From his perch he could see far beyond the city, the fortifications, and the ships of war. The rolling shadow of the wild country extended to the far horizon. The European hold on the vast continent sometimes seemed so tenuous, but he knew the power of the Europeans. Gunpowder, Greek fire, and the mighty steel ax were weapons for which the natural world had no defenses. He had begun to sense something else, an awareness deep inside that had not been there before. Conawago would say it was because he had been woven into a Haudenosaunee belt. For all his effort to help the tribesmen be treated as equals by the Europeans, he was beginning to understand Johnson's claim that the humans of towns and settled lands were fundamentally different from those of the forest. The soil of the woodlands was mixed in the blood of the tribes. They were inextricable from the land, part of the wildness, part of something ancient and vital that the world badly needed. Looking out over the dim lights toward the vastness beyond, he felt the pain deep in the hearts of the elders, the essence of their anguish over the disturbances on the other side. The bond to the natural world that defined the tribes was weakening. The settlements, the armies, the endless flow of farmers were like rot in the root of their world.
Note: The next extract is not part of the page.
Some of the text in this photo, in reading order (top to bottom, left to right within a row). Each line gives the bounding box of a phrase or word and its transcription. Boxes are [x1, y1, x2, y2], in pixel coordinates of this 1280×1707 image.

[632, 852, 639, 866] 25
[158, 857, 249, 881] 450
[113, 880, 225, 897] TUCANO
He moved to the other side of the tower to gaze on familiar stars, leaning out to see the belt of Orion the hunter emerging over the horizon. The constellation had been a favorite of his grandfather's and they had often . . . Duncan froze. One of the gargoyles below was indeed alive.
“I keep thinking of what they say about the hell dog,” Sagatchie
suddenly said, as if they had been carrying on a conversation, “about how a great warrior is in its body.” The Mohawk ranger was seated on the narrow ledge beside a stone gargoyle, one hand resting casually on its head.
“The creature has a more noble air than many men I know,” Duncan replied, fighting the impulse to reach out to pull his friend to safety. There was nothing but air between Sagatchie and the cobblestones over a hundred feet below.
“I knew of that warrior married to Hetty. There were legends told of him when I was a boy. He knew how to die. He understood that a man must die at the right age, which may not mean an old age.”
“Sagatchie,” Duncan asked, “would it be possible to sit more like a man and less like a sparrow?”
The Mohawk's teeth gleamed as he grinned. He rose and vaulted upward to sit on the wall beside Duncan. “I try to understand the cut world, but it never gives me quiet,” he said after a moment.
“The cut world?”
The Mohawk gestured toward the buildings below. “Living in cut stone and cut trees. The only time I feel alone is when I am surrounded by so many Europeans and their buildings.
“That night at the Council,” he continued after a few breaths, “the elders spoke of our nation growing old. It was painful to hear but I know they spoke the truth. Worlds change. It is the way of all things. I have always known in my heart that there would be nothing better than to die for my grandfathers and for my gods. But when I grow old what will be left? What will there be to die for? Will anyone remember the names of our gods a hundred years from now? My greatest fear is that I die an old man in the cut world. I had a vision of that on the last full moon, and it kept me awake all night. I have never been frightened in battle, but that night I felt like a small boy surrounded by hungry beasts. I saw those beggars on the streets today. I cannot stop thinking of them. I fight for the British king, but when he wins the British will take our land. The land is our birthright, the essence of our people. When we have land, we
have everything. When we have no land, we can only live by working for others, which means we all become slaves and beggars.”